▶ [TASK DIRECTIONS]
Set down each line of the records once more, precisely, and omit the pictures.

━━━ RECORDS SUPPLIED ━━━

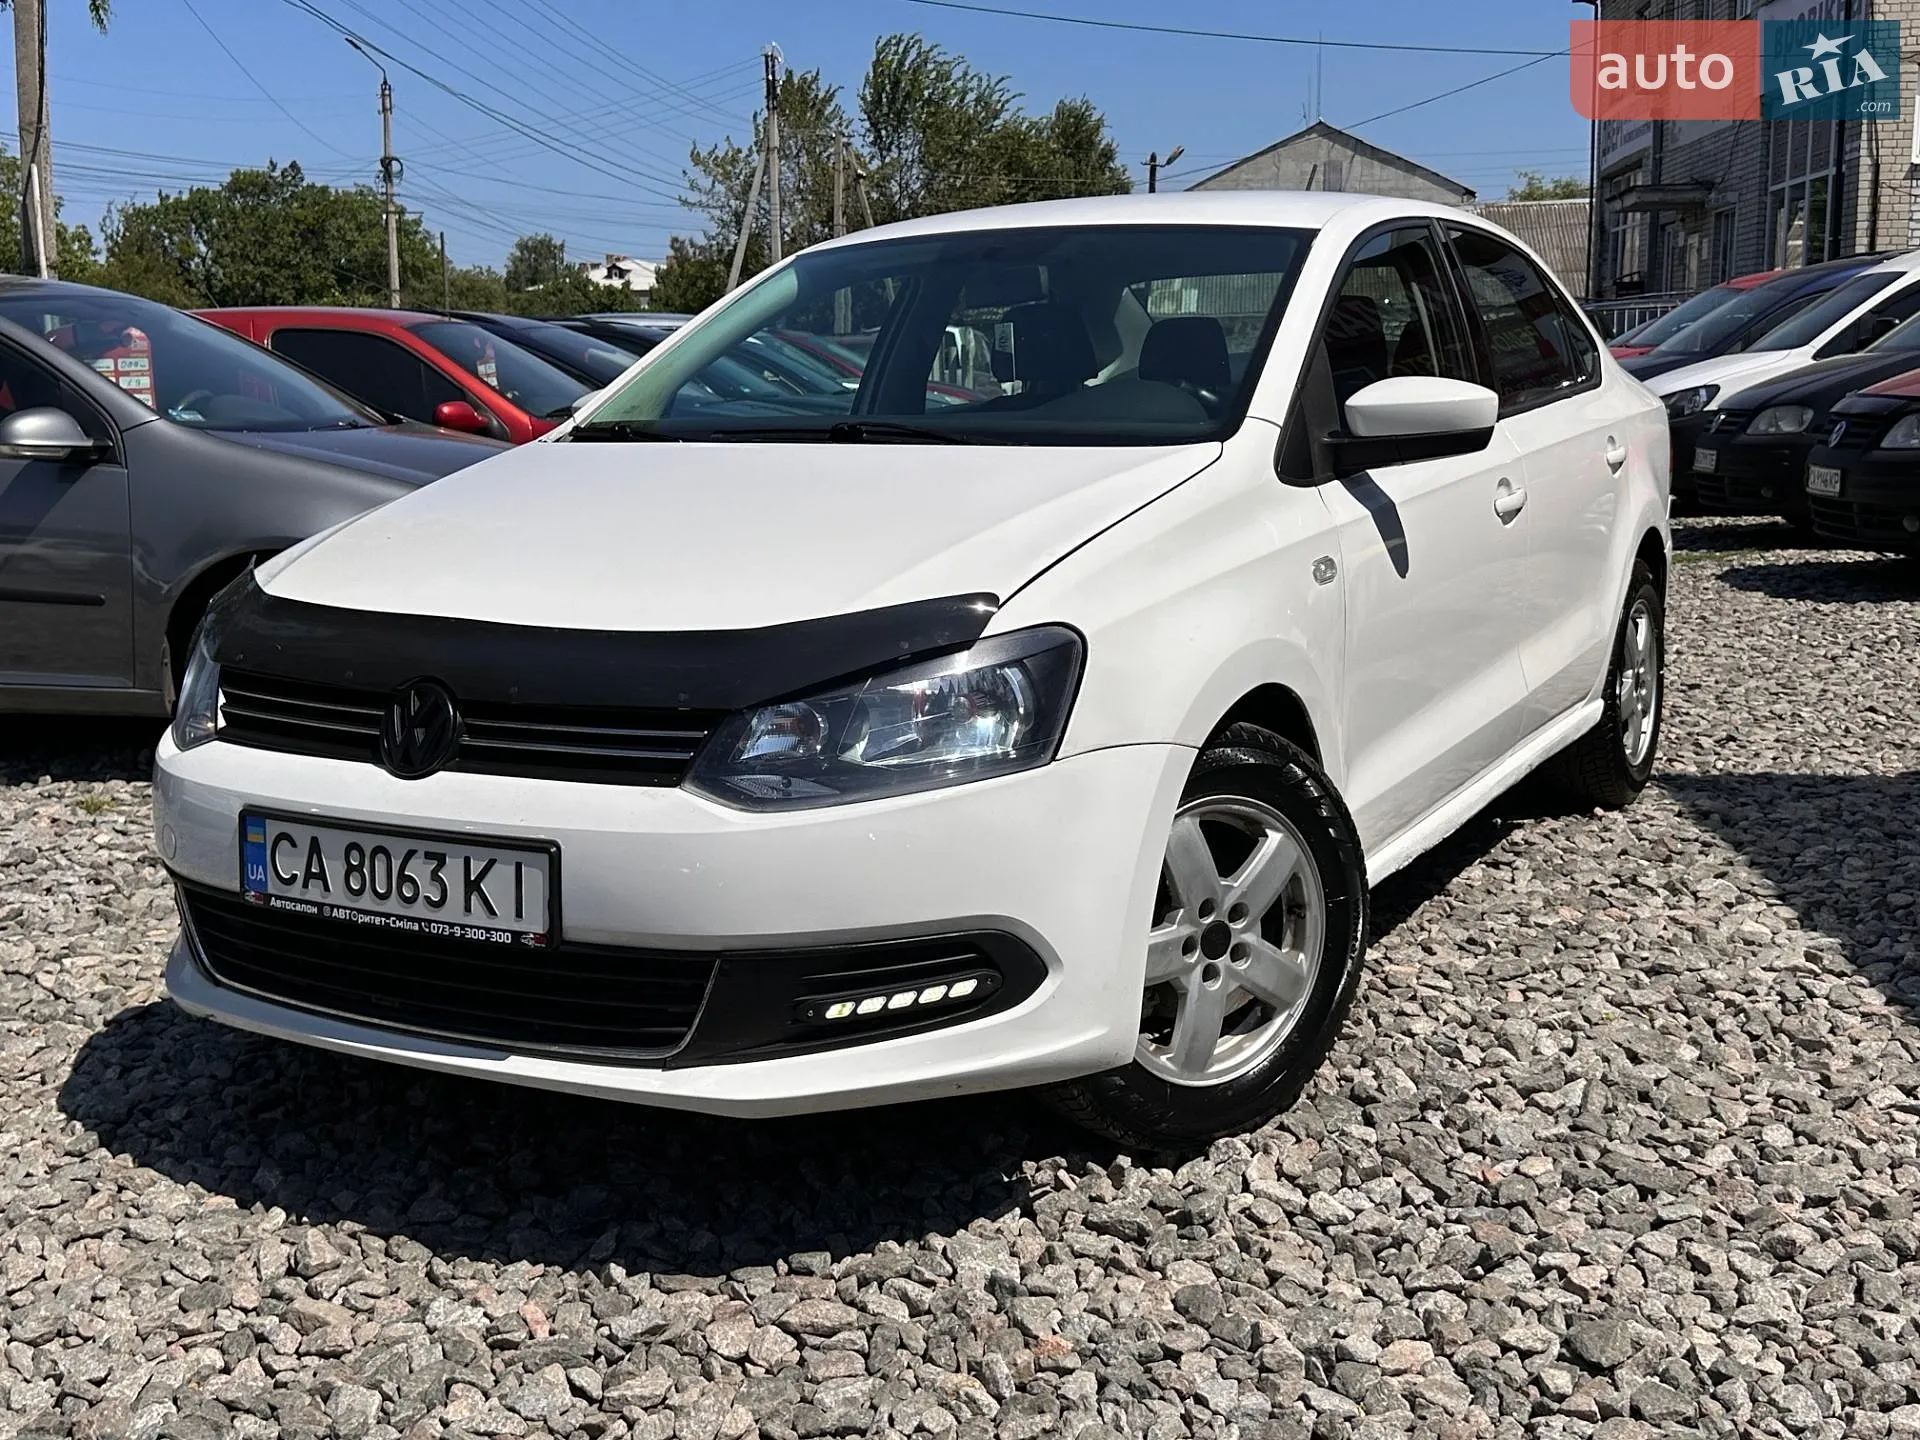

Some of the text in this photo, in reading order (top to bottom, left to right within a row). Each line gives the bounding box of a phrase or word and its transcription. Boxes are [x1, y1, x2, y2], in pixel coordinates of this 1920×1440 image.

[248, 863, 266, 881] UA
[271, 832, 524, 920] CA 8063 KI
[269, 896, 318, 914] Автосалон
[430, 922, 512, 944] 073-9-300-300
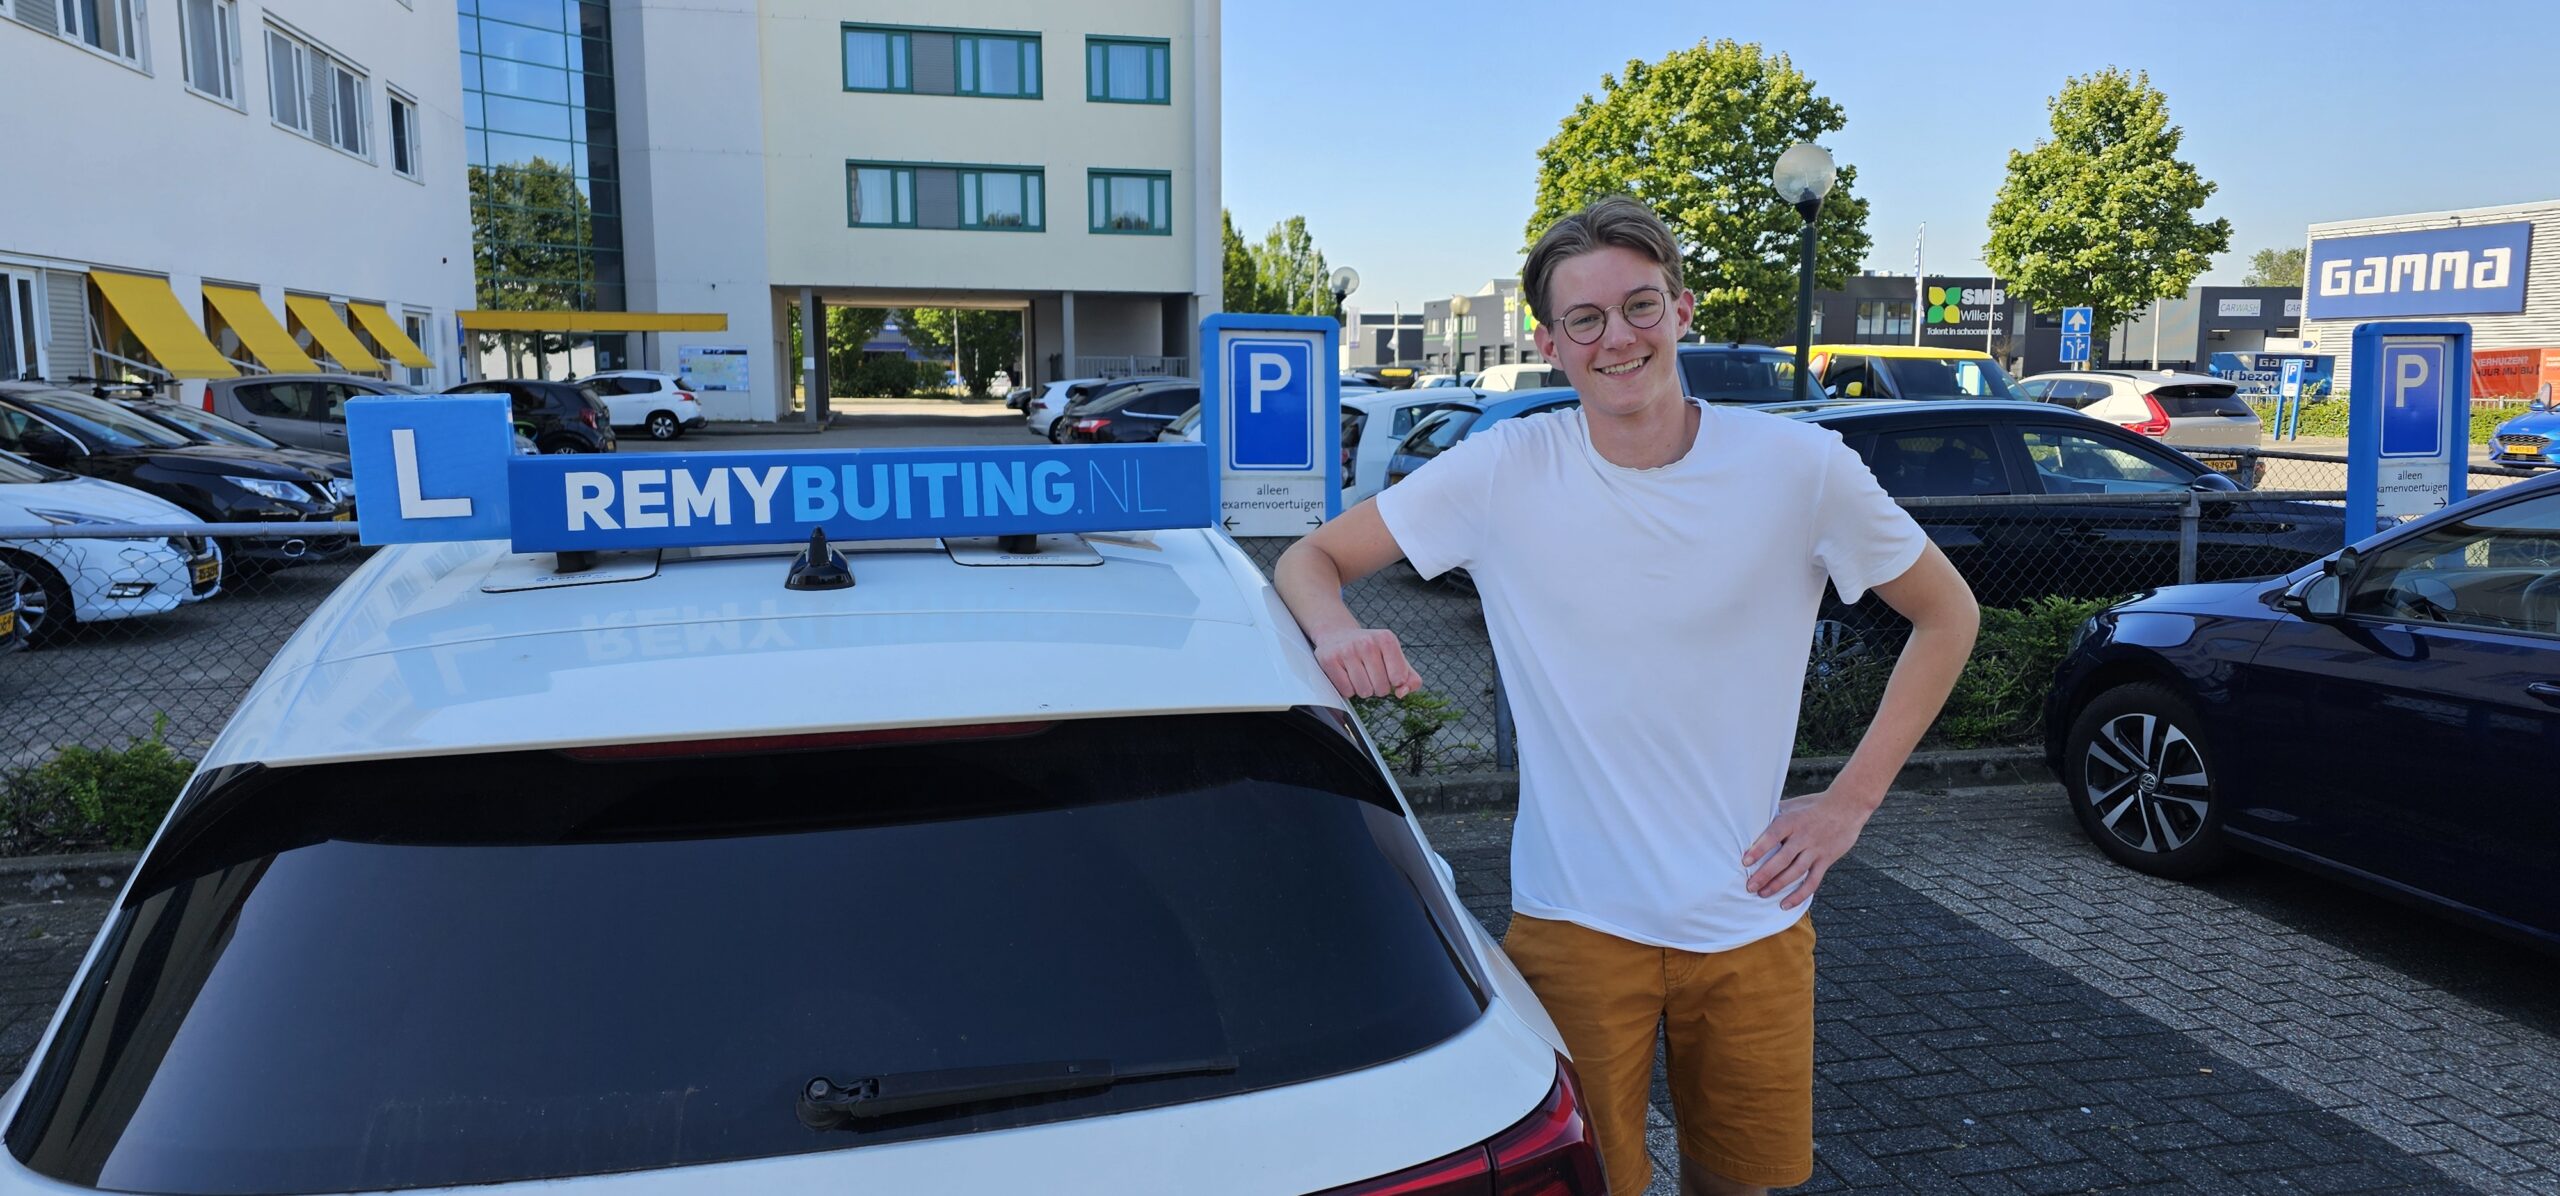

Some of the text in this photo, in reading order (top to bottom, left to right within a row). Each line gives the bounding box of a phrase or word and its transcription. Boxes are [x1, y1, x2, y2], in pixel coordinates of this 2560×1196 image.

[2320, 247, 2512, 297] GAMMA
[1961, 288, 2005, 305] SMB
[2220, 303, 2259, 312] CARWASH
[1960, 309, 2003, 321] Willems
[1250, 353, 1292, 413] P
[2395, 354, 2429, 408] P
[391, 429, 473, 520] L
[2397, 470, 2423, 481] alleen
[1256, 484, 1289, 496] alleen
[2377, 482, 2448, 494] amenvoertuigen
[1221, 499, 1324, 512] examenvoertuigen

━━━

▶ [FINISHED EXERCISE]
Some of the text in this photo, in reading order (top to bottom, left to right within a row). Each line gives the bounding box of a phrase or word and its transcription. Boxes are [x1, y1, x2, y2], in pixel coordinates of this 1920×1440 image.

[248, 863, 266, 881] UA
[271, 832, 524, 920] CA 8063 KI
[269, 896, 318, 914] Автосалон
[430, 922, 512, 944] 073-9-300-300

Some of the text in this photo, in reading order (top to bottom, left to right within a row). Each line gives the bounding box of a phrase or word and its transcription. Boxes are [x1, y1, x2, y2], in pixel coordinates of this 2560×1196 image.

[2320, 247, 2512, 297] GAMMA
[1961, 288, 2005, 305] SMB
[2220, 303, 2259, 312] CARWASH
[1960, 309, 2003, 321] Willems
[1250, 353, 1292, 413] P
[2395, 354, 2429, 408] P
[391, 429, 473, 520] L
[2397, 470, 2423, 481] alleen
[1256, 484, 1289, 496] alleen
[2377, 482, 2448, 494] amenvoertuigen
[1221, 499, 1324, 512] examenvoertuigen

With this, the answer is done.